Doch wie passt der Titel der Vorlesung nun zu einer Übung im Schwertfechten? Wie Luca Kirchberger den Kindern kurz zuvor erklärt hatte, handelte es sich um eine Aufwärmübung, so wie man sie von Schauspielergruppen kennt. Denn am Ende der Vorlesung sollte eine Szene aus einem Stück gespielt werden, an dem Fasbender und Kirchberger mitgeschrieben hatten.

Die Geschichte dahinter aber ist schon über 600 Jahre alt. Ganz am Anfang tritt Fasbender vor die Kinder: "Es war einmal ein Ritter aus Weida in Thüringen." Dann fängt er an zu lesen: Es geht um ein kleines Mädchen. Ihr Vater, ein tapferer Ritter, ist beim König in Ungnade gefallen und musste in Gefängnis. Das Mädchen reist zum Hof des Königs. Sie will dem Vater helfen. Der König stellt ihr die Aufgabe, ein verwunschenes Kloster vom Spuk zu befreien. Viele Ritte hatten das zuvor versucht, keiner sei je zurückgekehrt. Das Mädchen bewältigt die Aufgabe schließlich und der Vater kommt frei. Als Wiedergutmachung wird er vom Monarchen in die Position des Vogtes von Thüringen erhoben und ist damit Stellvertreter des Königs.

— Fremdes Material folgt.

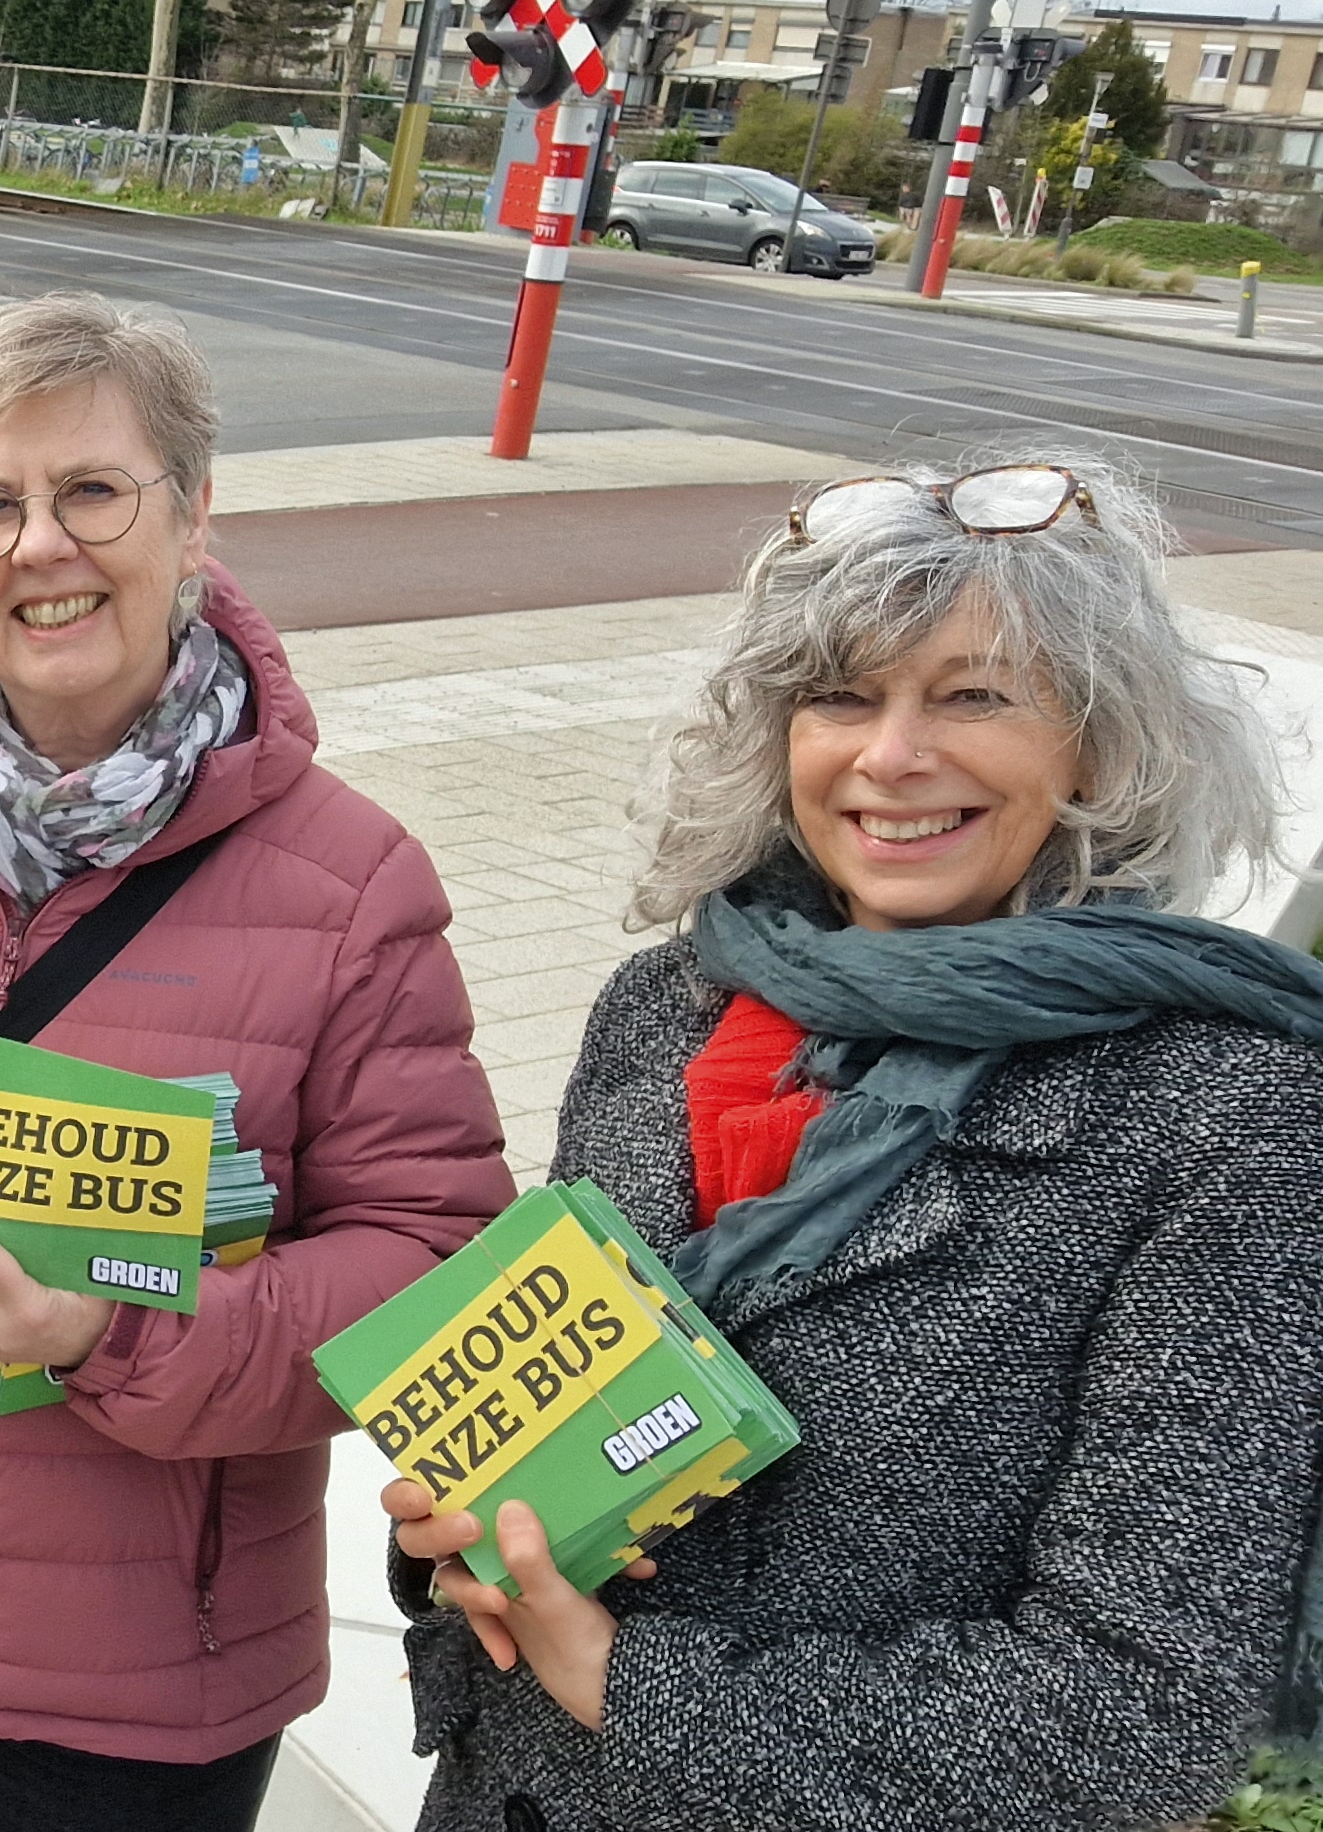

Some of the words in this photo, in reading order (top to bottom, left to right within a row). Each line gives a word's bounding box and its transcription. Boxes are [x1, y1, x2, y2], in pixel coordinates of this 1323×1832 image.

[66, 1170, 183, 1217] BUS
[92, 1258, 180, 1296] GROEN
[367, 1263, 571, 1460] BEHOUD
[405, 1388, 526, 1502] NZE
[513, 1297, 627, 1412] BUS
[604, 1394, 701, 1474] GROEN

Die Geschichte hatten Fasbender und seine Mitarbeiter in einer Leipziger Bibliothek entdeckt und aus der altdeutschen Sprache übersetzt. "Faszinierend dabei ist, dass ein kleines Mädchen Heldin der Geschichte ist." Das war damals nicht üblich, so der Professor.

Einen besonderen Stellenwert in der Geschichte haben die Vögte. Nach ihnen ist das Vogtland benannt worden. Und dort haben Fasbender und Kirchberger die Geschichte bereits mit Grundschülern aufgeführt. Hintergrund ist das EU-geförderte Projekt "Kulturweg der Vögte", bei dem die mittelalterlichen Hinterlassenschaften der Region ins Auge der Öffentlichkeit gerückt werden sollen.